> For most people, "better compatibility" sounds like a pretty convincing excuse.

Security has always been a compromise between protection and convenience. The most secure computer is one that is turned off and stored in a safe, but it's difficult to write a letter to your boss explaining why you weren't able to complete your assignment on time in that state.

With the not-surprising revelations about the NSAs spying programs and state sanctioned hacking and malware distribution, I think we're starting to see that we need computers to be a little less convenient and users to be a bit more literate on how to secure their communications, but to call a "If Available" encryption option stupid doesn't take in account the state of the world 14ish years ago. We, HN readers, can be on the forefront of deprecating the option of maybe and forcing an all or nothing approach, but it will still take time to get our users to accept it.

I once had a career in an entirely different field repairing mechanical technology hundreds of years old.
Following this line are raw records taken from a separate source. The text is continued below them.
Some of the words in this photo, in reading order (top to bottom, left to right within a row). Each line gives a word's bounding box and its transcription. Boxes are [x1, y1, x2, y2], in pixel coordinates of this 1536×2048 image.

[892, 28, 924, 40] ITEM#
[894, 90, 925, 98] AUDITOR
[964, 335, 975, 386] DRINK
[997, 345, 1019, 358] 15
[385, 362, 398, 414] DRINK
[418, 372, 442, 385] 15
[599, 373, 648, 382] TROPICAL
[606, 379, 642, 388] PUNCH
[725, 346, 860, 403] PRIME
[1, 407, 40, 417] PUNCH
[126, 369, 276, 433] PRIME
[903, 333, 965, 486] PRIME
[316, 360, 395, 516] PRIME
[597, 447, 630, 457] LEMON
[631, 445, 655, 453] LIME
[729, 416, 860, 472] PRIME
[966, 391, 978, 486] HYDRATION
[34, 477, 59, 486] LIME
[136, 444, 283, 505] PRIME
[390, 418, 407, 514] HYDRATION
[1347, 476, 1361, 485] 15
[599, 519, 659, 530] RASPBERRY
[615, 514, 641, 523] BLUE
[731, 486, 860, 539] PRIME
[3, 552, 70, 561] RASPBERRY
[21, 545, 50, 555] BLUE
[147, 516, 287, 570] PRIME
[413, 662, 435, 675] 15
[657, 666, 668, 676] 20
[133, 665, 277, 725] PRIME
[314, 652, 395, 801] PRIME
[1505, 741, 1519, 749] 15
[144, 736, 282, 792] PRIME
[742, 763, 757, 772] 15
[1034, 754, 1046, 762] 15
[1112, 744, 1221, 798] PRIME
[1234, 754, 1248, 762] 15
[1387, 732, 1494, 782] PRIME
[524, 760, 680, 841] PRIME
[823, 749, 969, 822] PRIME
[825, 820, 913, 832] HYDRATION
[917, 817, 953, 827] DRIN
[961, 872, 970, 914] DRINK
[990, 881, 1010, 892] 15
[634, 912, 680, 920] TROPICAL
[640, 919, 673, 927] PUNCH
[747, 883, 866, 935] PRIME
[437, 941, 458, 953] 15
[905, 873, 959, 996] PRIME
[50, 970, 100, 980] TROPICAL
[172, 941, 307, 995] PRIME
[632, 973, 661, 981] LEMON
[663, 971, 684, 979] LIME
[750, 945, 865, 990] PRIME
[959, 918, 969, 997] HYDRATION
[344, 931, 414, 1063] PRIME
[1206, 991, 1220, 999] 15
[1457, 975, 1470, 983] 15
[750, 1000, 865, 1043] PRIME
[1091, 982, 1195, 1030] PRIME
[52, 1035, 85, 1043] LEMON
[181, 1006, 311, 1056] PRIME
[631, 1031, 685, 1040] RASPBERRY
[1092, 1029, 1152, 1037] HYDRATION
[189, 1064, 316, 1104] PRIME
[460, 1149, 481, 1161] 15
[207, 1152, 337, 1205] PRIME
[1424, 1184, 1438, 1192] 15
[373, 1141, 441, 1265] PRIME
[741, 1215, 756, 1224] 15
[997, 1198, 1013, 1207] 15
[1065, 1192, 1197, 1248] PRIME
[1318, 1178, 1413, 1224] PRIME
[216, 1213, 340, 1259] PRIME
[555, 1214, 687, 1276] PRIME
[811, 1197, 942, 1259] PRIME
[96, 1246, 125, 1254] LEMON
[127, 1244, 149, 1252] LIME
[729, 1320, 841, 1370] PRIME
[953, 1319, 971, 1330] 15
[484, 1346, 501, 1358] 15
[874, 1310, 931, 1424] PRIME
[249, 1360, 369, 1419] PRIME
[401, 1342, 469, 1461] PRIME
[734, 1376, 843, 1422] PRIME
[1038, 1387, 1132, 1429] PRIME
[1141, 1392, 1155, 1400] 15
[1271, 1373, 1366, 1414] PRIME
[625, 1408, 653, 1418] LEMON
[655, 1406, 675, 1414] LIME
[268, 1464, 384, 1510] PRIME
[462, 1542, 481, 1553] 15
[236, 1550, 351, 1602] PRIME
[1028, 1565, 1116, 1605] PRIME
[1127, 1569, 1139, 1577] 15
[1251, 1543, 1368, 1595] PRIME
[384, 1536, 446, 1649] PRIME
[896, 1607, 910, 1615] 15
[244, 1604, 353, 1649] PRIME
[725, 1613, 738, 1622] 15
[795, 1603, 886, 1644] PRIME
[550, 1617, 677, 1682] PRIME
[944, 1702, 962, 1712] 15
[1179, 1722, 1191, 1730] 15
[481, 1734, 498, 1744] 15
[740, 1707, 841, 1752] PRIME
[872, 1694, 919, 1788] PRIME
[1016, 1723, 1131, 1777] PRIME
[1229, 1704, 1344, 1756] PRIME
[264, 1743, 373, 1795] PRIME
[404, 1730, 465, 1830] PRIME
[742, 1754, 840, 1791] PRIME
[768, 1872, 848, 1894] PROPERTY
At my technical school, my instructor was constantly telling us that we weren't in the field of mechanical watch repair, but in education. Whenever a customer would come to us and complain that their multi-thousand dollar watch was running ~30 seconds slow a week (compounded to a noticeable couple minutes per month), it was our job to educate them on the physical limits of the timepiece. Some watches are only so accurate. Now that I'm in Software Development, I see that the premise has not changed. Even though I'm paid to write software and enable business users to make loads of money using magical things, my daily job consists of educating those users on the capabilities of that system and showing them that there isn't some magical switch that I keep hidden that makes everything run fast and without issue just to piss them off. If you start to educate your users on what is good and what is impossible, then you can start to change how they use it and what they expect from it.

The reason I call STARTTLS "stupid" is because it superceded a perfectly good, fully encrypted, transport layer protocol: SMTP over SSL/TLS on port 465.

That was 16 years ago. Even back then, plenty of people seem to have been on the right track when it comes to how to encrypt a stream. People back then were also aware of the difference between the needs of mail transport and the needs of mail submission; the distinction was codified in RFC 2476 in 1998. Despite all of this, some people went ahead and implemented an "if available" encrypted protocol in the name of compatibility, deprecated the fully encrypted and widely supported alternative, and even went so far as to revoke port 465.

Two years ago, it may have sounded crazy to suggest that some three-letter agency was behind this. Now, I'm not so sure.

People who configure their clients to use encryption optionally, will find that their clients, use encryption optionally.

This is not evidence that 465 is more secure than 587. This is evidence that some clients come with strange options.

Fair point. It is, however, evidence that strange protocols beget strange clients.

Had the protocol not permitted optional encryption in the first place, no client would have implemented optional encryption, because any attempt to access mail using optional encryption would reliably fail.